6. Chia Seeds (Salvia hispanica)

By now, everyone has heard about or taken chia seeds. It is one of the world’s most popular super seeds as they are a rich source of vitamin B, calcium, iron, copper, zinc, and other minerals. In addition, they are anti-inflammatory and an excellent source of alpha-linolenic acid, which I like a plant Omega 3, as they have the highest amount than other plant food (even higher than flax seeds). Like flax seeds, they are also a great source of fiber and can assist in weight loss as they give a feeling of fullness without adding extra calories due to their ability to expand with water.

Chia seeds were first harvested by the Mayans, the word in Mayan means “strength”, and the Mayans believed that the seeds contained supernatural powers, and they may have been on to something!
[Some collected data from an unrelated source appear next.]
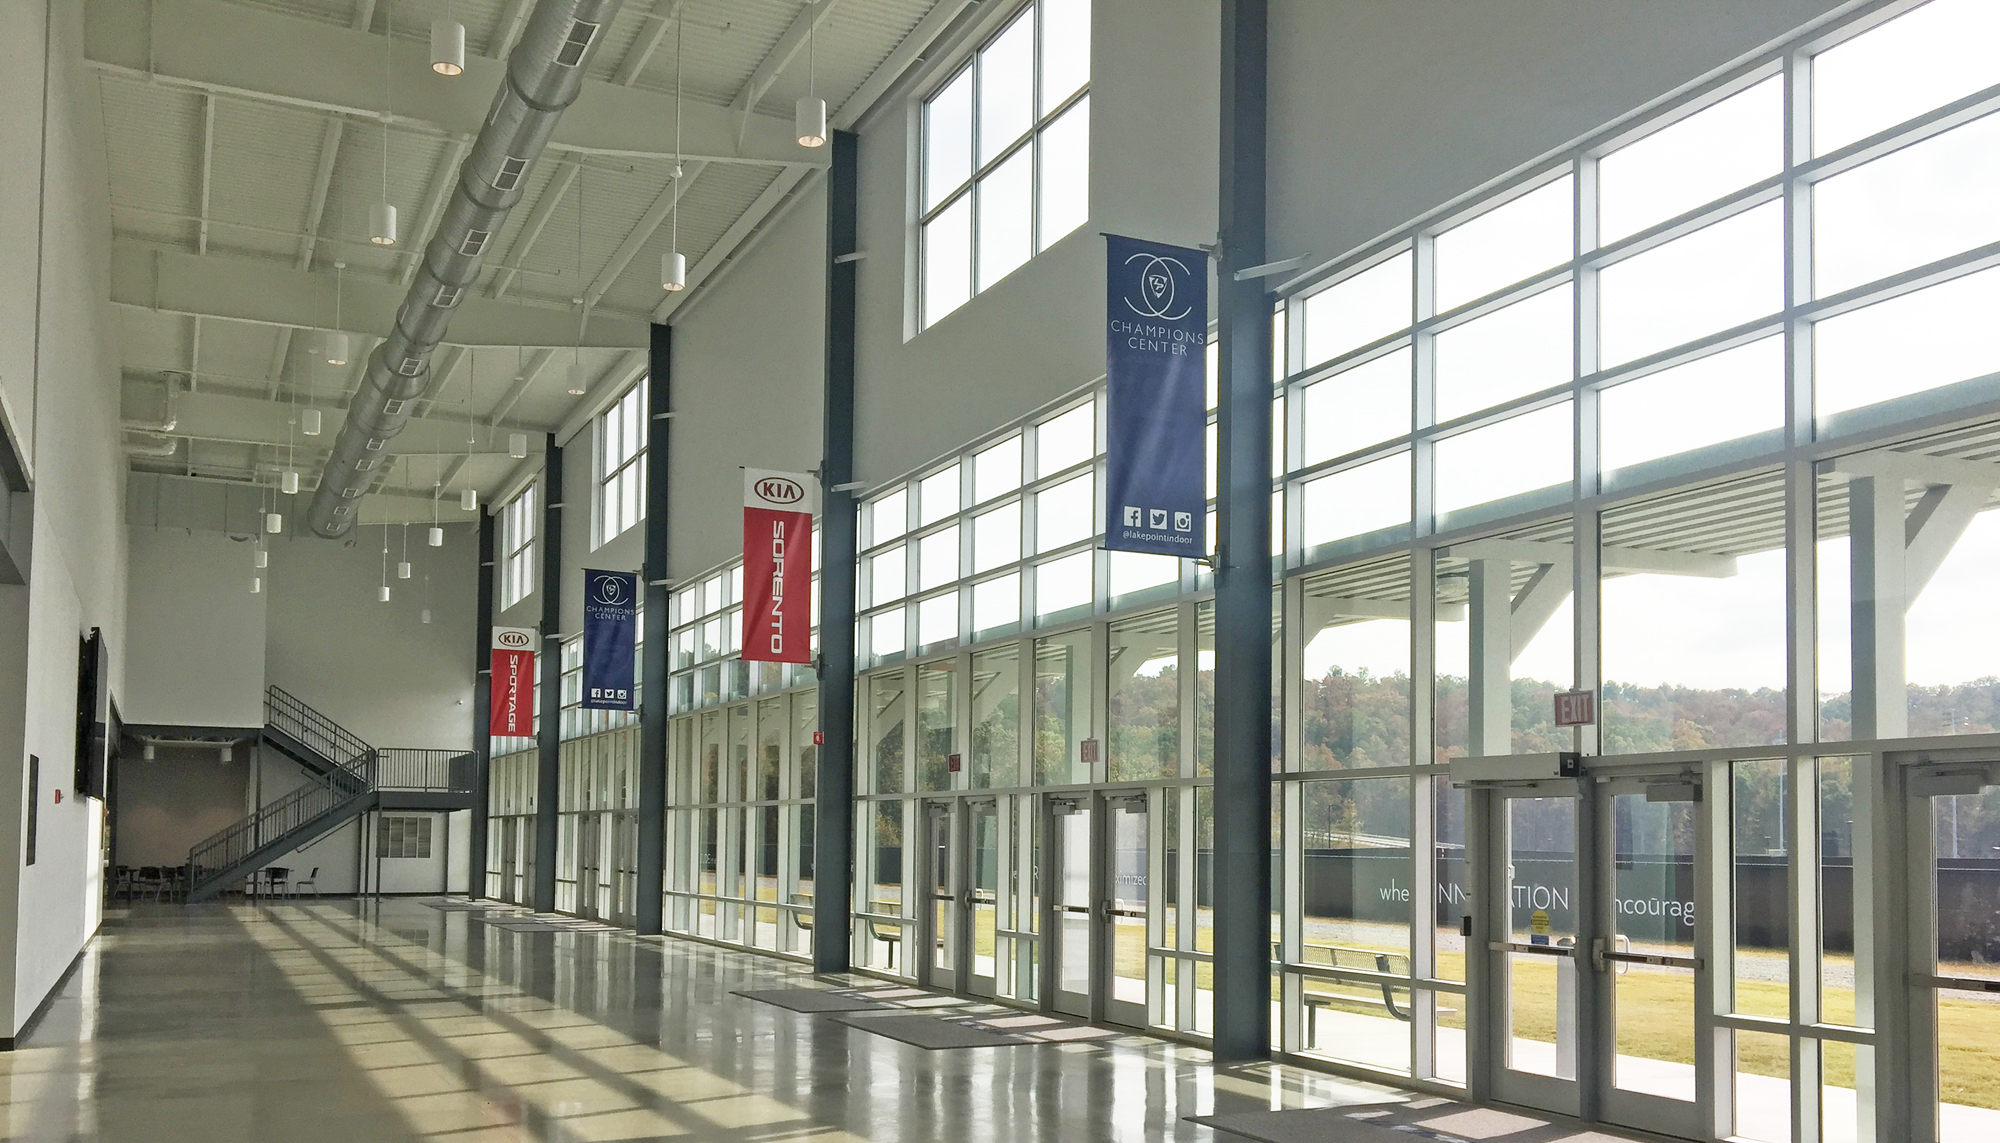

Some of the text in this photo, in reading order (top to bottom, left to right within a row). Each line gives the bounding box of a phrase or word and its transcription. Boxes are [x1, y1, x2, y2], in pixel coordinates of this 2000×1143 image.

[1111, 320, 1204, 345] CHAMPIONS
[1128, 337, 1188, 356] CENTER
[763, 482, 796, 500] KIA
[1123, 530, 1193, 544] @lakepointindoor
[770, 520, 785, 654] SORENTO
[586, 605, 635, 616] CHAMPIONS
[595, 612, 627, 621] CENTER
[504, 634, 524, 644] KIA
[507, 654, 519, 732] SPORTAGE
[1560, 694, 1589, 724] EXIT
[1115, 869, 1146, 886] ximize
[1615, 897, 1695, 926] ncourag
If you want to read about the dangers of feeding your dog chia, read our article here.

How much chia seed should I feed my dog?

Small Dogs1/4 – 1 teaspoon of Chia Seeds
Large Dogs1-2 teaspoons of Chia Seeds

7. Hemp Seeds (Cannabis sativa ssp. sativa)
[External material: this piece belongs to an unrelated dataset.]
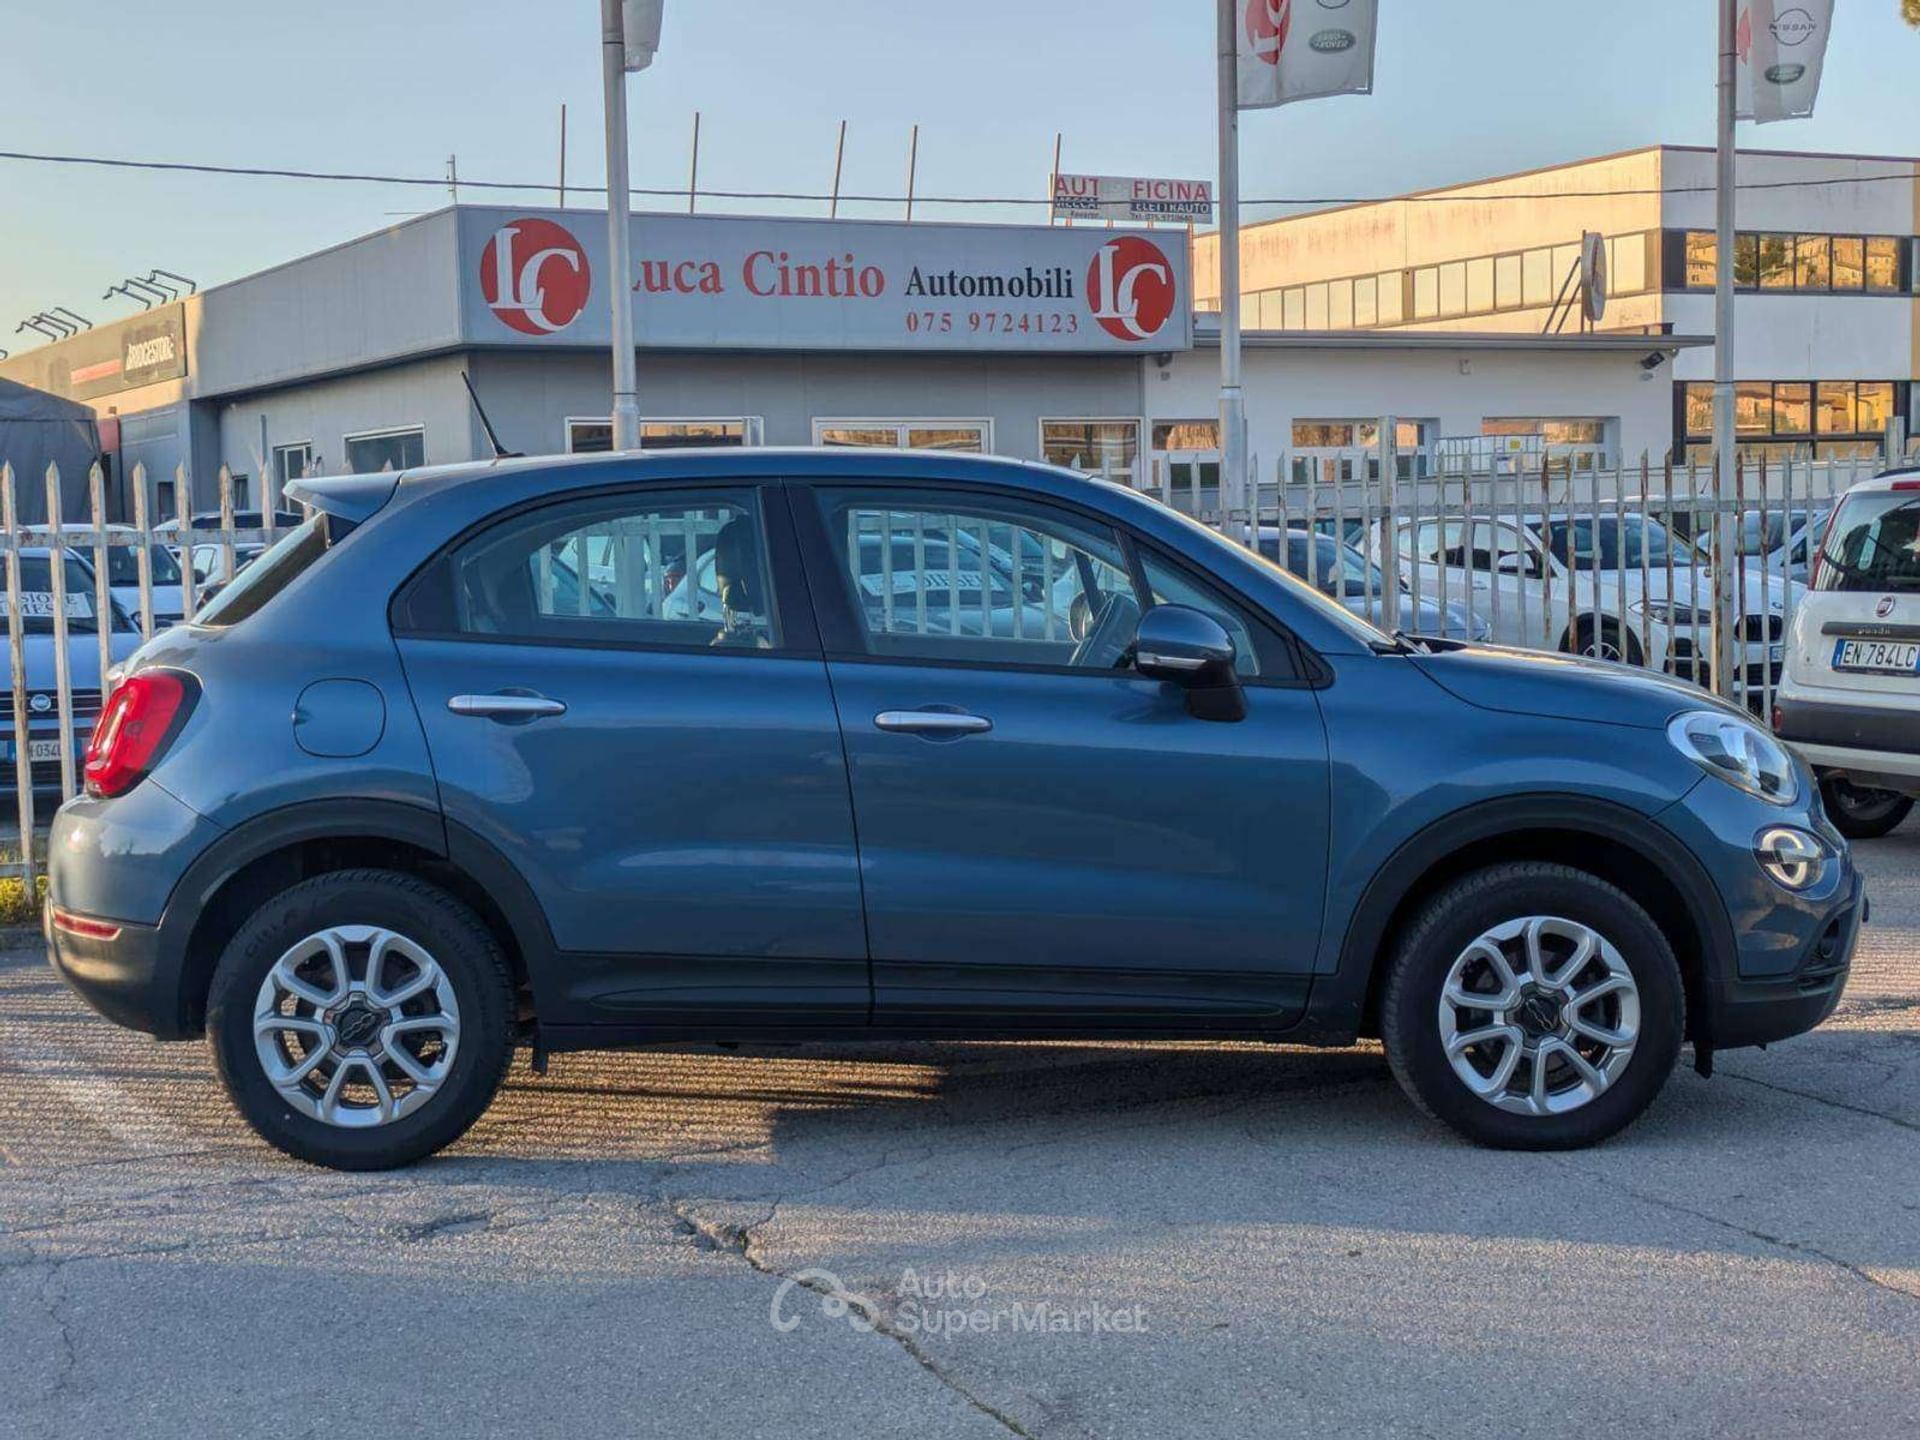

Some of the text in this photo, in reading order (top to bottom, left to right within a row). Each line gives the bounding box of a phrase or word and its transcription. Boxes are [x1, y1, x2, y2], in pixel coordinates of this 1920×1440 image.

[631, 250, 1075, 299] uca Cintio Automobili
[906, 312, 1079, 334] 075 9724123
[1866, 644, 1917, 668] 784LC
Hemp seeds are seriously superfoods and many holistic veterinarians give them to their patients. The seeds contain omega’s 3, 6, and 9 in addition to antioxidants and essential amino acids. It has been shown to help with dogs digestion, arthritis, and skin. It is also known for it’s calming effects on dogs.

How much hemp should I give my dog?

There are so many products for dogs with hemp that you can purchase over the counter and not worry about overfeeding your pup

HEMP SEEDS NUTRITIONAL VALUE (SOURCE) – 2 TABLESPOONS OR 20 GRAMS
111 calories
6.31 g protein
9.75 g fat
1.73 g carbohydrates
14 milligrams calcium
1.59 mg iron
140 mg magnesium
330 mg phosphorus
240 mg potassium
1.98 mg zinc
22 micrograms (mcg) folate

Things To Keep In Mind Before Feeding Your Dog Super Seeds

  • Remember that some seeds, like sunflower seeds, may have a hard outer shell and they should always be peeled first
  • Always opt for seeds that are organic, free of pesticides, herbicides, insecticides, fungicides, and chemical fertilizers when possible
  • Do not feed your dog flavored or salted seeds, they should be as natural as possible with no additives
  • Give them seeds sparingly as too much of a good thing is not such a good thing and can cause gi upset at times, speak with your vet about specific amounts to give your fur babies
dog food bowls

Please note that this blog article is for informational purposes only, any changes to your pet’s diet should be discussed with your regular veterinarian. This article also contains affiliate links, which if you click on them helps keep our blog up and running, so, thank you!!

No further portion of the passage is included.